Dann geht es weiter zum Viewpoint über den 400-500m tiefen Canyon und schließlich über mehr als 600 Stufen in den Canyon hinein. Inzwischen ist es ziemlich heiß geworden und wir sind happy als wir den Fluss im Tal erreichen und an einem schönen Wasserfall baden können. Außer uns und dem Guide sind wir allein und genießen die Sonne, das Plätschern des Wassers und das Gezwitscher der Vögel. Ein bisschen fühlen wir uns wie im Film Avatar, umgeben von dieser wunderschönen, friedlichen Natur.

Baden im Land von Avatar

Es wird aber Zeit, den Rückweg über die anstrengenden und steilen Stufen anzutreten, denn wir wollen heute noch mit dem Minibus zurück nach Cochabamba und von dort aus in den Nachtbus nach Sucre steigen.
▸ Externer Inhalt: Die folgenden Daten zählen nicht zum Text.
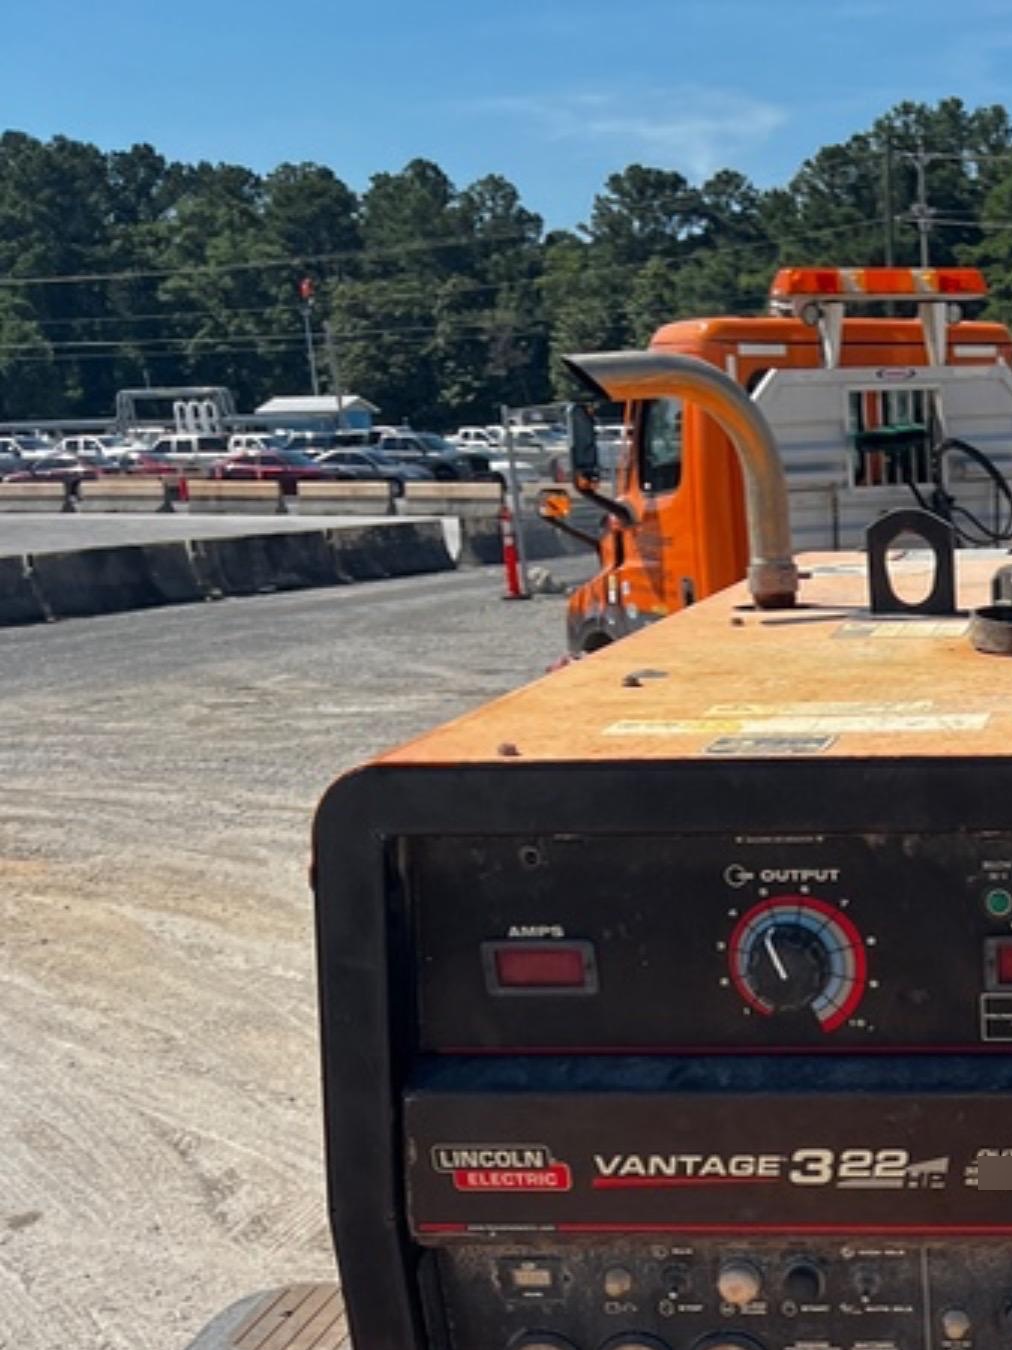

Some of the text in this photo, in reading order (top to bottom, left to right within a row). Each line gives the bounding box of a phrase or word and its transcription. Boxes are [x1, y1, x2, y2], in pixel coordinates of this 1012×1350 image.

[759, 868, 841, 883] OUTPUT
[508, 925, 565, 938] AMPS
[438, 1150, 546, 1169] LINCOLN
[593, 1154, 782, 1178] VANTAGE
[789, 1147, 909, 1185] 322
[466, 1171, 559, 1187] ELECTRIC
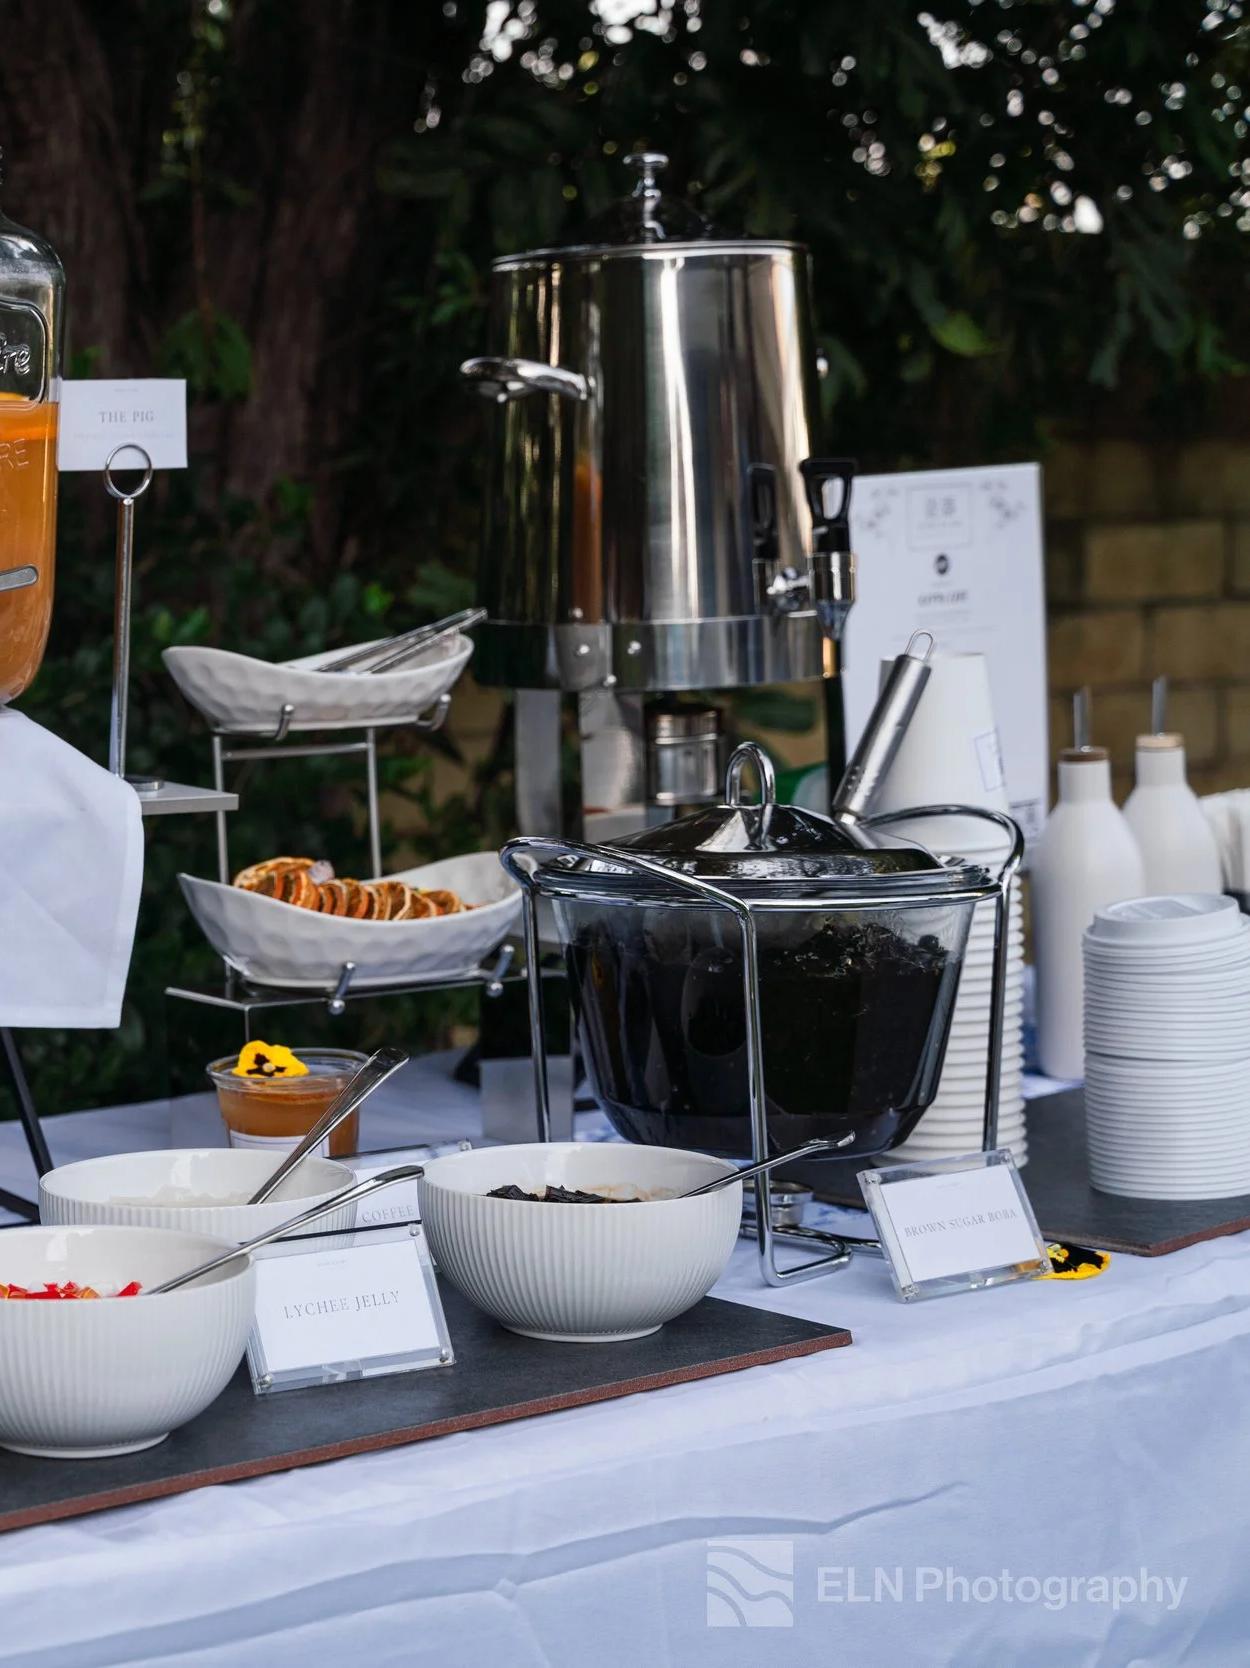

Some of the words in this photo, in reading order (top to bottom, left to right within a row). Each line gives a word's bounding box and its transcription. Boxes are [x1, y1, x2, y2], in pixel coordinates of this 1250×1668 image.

[99, 411, 127, 423] THE
[132, 411, 154, 423] PIG
[361, 1204, 415, 1223] COFFEE
[904, 1221, 947, 1237] BROWN
[949, 1214, 985, 1229] SUGAR
[988, 1208, 1018, 1222] BOBA
[283, 1297, 350, 1319] LYCHEE
[355, 1290, 400, 1311] JELLY
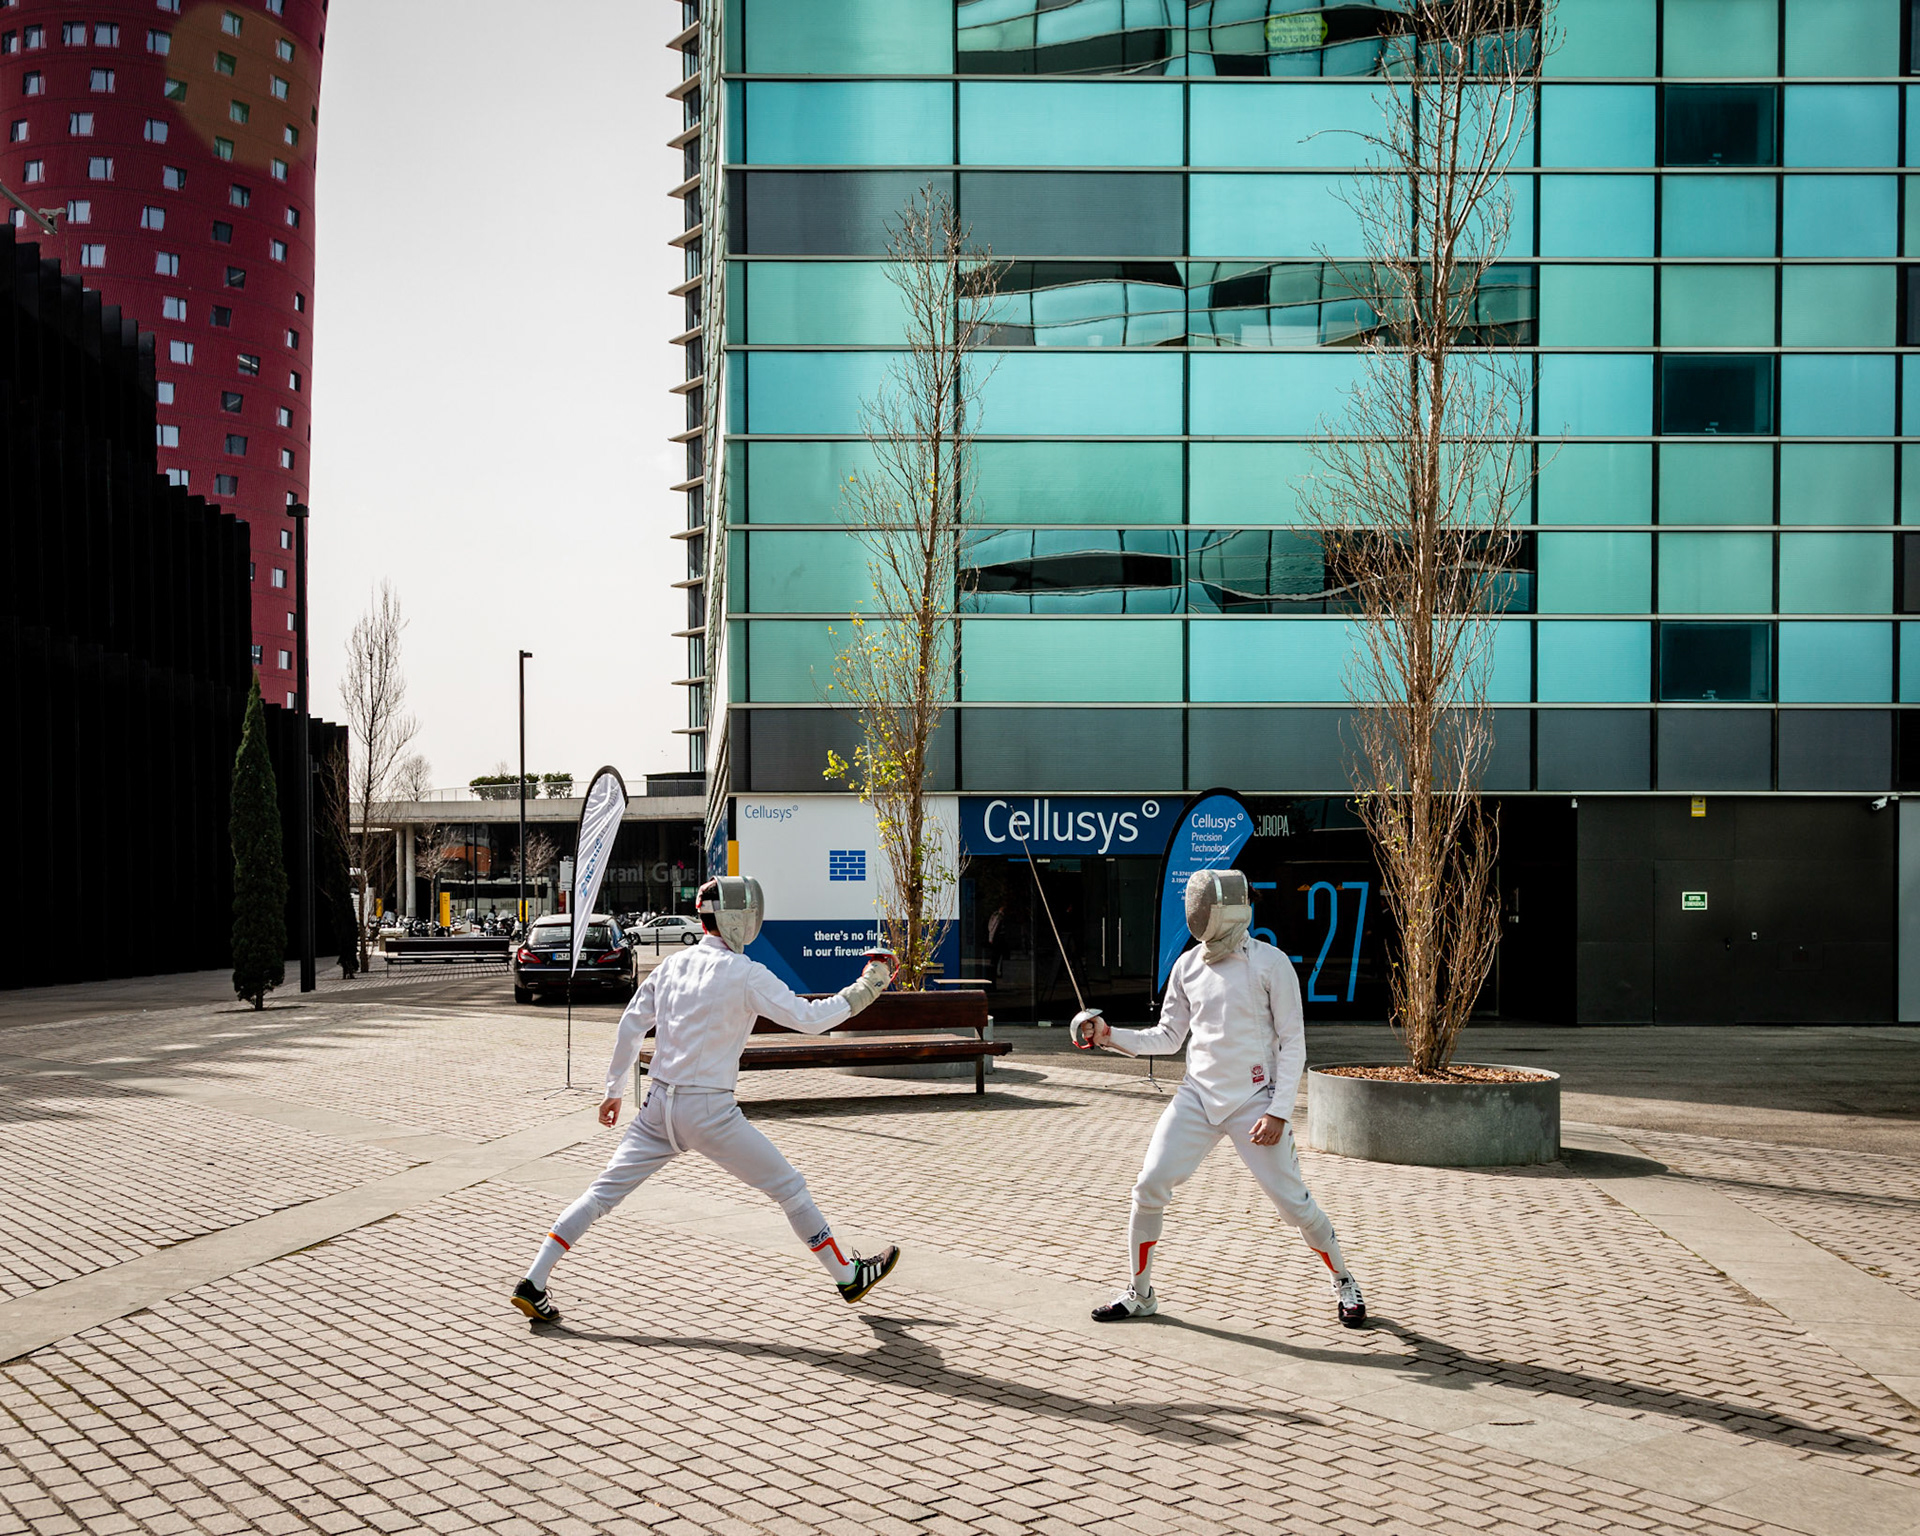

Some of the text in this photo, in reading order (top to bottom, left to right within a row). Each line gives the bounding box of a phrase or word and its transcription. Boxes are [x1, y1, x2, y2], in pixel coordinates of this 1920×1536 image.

[744, 804, 792, 823] Cellusys
[984, 799, 1139, 855] Cellusys
[1191, 813, 1236, 832] Cellusys
[1191, 832, 1222, 842] Precision
[1191, 843, 1229, 854] Technology
[814, 930, 849, 941] there's
[851, 933, 864, 941] no
[803, 946, 812, 957] in
[815, 948, 832, 957] our
Alles ein bisschen kompliziert, aber der direkte Weg nach Sucre dauert wegen der schlechten Straßenbedingungen ewig und ist sehr teuer, da er nur von Allradwagen befahren werden darf. Also verbringen wir heute eben wieder viele Stunden in Fahrzeugen auf dem Weg in die echte Hauptstadt Boliviens: ab nach Sucre!